05 DIC - Saranno probabilmente da rivedere le linee guida sulla Fibrosi polmonare idiopatica (FPI), approvate appena a marzo 2011. La notizia arriva dal XII Congresso Nazionale dell’Associazione Italiana Pneumologi Ospedalieri in corso a Bologna. Recentemente, infatti, la tripla terapia (così come la terapia basata sugli anticoagulanti) ha visto sospendere i propri trial clinici perché ha dimostrato di aumentare mortalità tra i pazienti e tasso di ricoveri di ben 10 volte.
La FPI è una malattia polmonare rara che affligge globalmente oltre 200.000 pazienti nell’Unione europea e negli Stati Uniti. È una malattia gravemente invalidante che colpisce pazienti adulti (di età media di 64 anni), caratterizzata da un tasso di sopravvivenza pari solo al 20% a 5 anni. La patologia è infatti caratterizzata da una proliferazione fibrotica che nel tempo va progressivamente a ridurre la capacità polmonare fino a provocare la morte per insufficienza respiratoria.
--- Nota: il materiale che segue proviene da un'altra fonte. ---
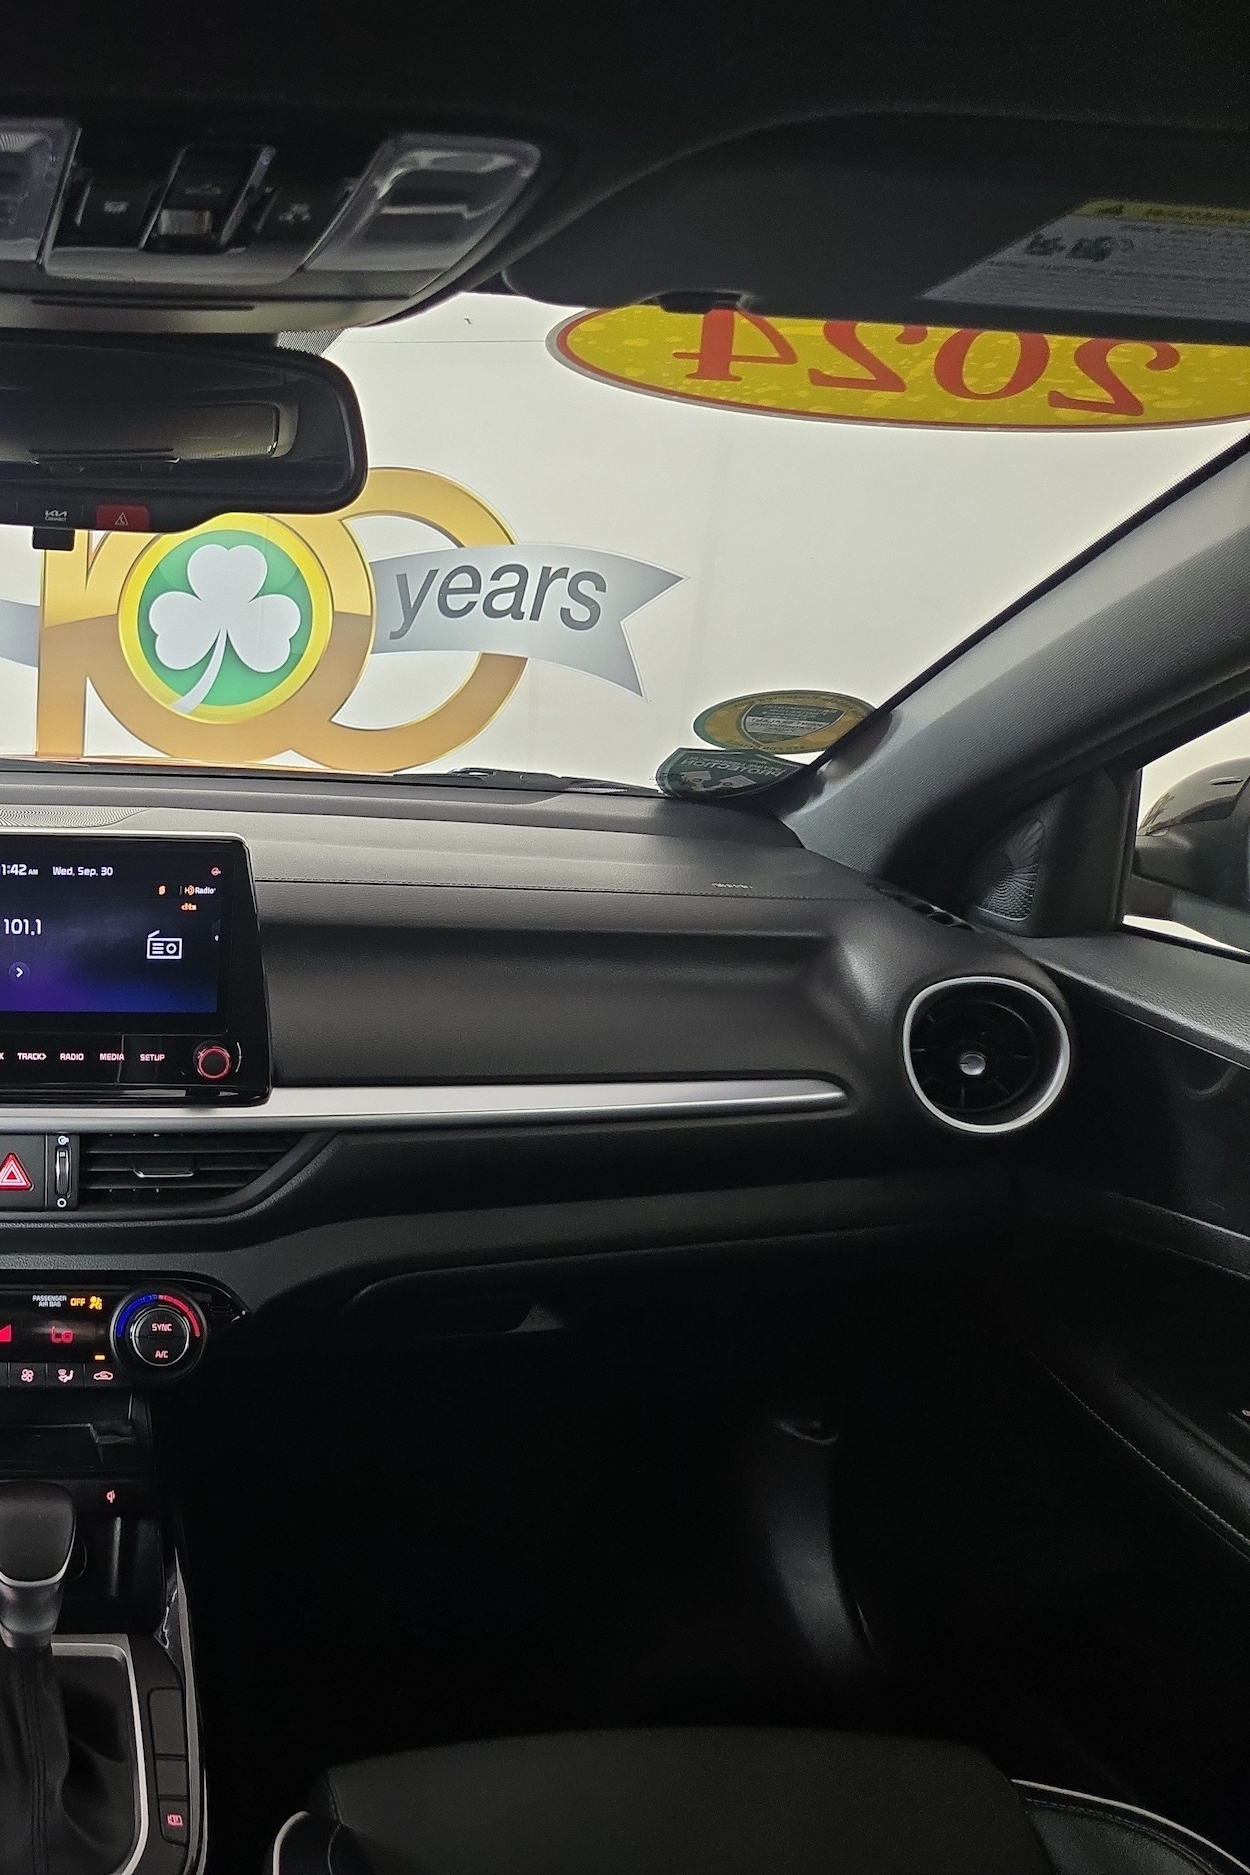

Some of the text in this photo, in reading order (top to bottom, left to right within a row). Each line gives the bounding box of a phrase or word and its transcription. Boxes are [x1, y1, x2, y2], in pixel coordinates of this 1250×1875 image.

[388, 561, 609, 641] years
[28, 868, 39, 876] AM
[77, 866, 99, 877] Sep.
[100, 866, 113, 876] 30
[3, 918, 42, 936] 101.1
[60, 1053, 84, 1061] RADIO
[100, 1053, 125, 1061] MEDIA
[140, 1053, 165, 1061] SETUP
[70, 1298, 86, 1307] OFF
[152, 1323, 173, 1332] SYNC
[50, 1326, 74, 1343] Lo
[155, 1350, 169, 1358] A/C
“I pazienti che arrivano oggi al nostro centro sono persone che spesso hanno una malattia in stadio avanzato, diagnosticata con un ritardo di anni e curata con farmaci come quelli inclusi nella tripla terapia o a base di cortisone” , ha spiegato Luca Richeldi, direttore del Centro Interdipartimentale per le Malattie Rare del Polmone (Marp) del Policlinico Universitario di Modena. “Alla luce della sospensione del primo di questi trattamenti, tra i possibili regimi terapeutici quello rimasto come scelta più adeguata è probabilmente il pirfenidone”. Come si legge proprio nelle linee guida pubblicate a marzo infatti, seppure dai trial emerga che i corticosteroidi possano essere un trattamento efficace per molti pazienti, in alcuni casi questi potrebbero essere sconsigliabili.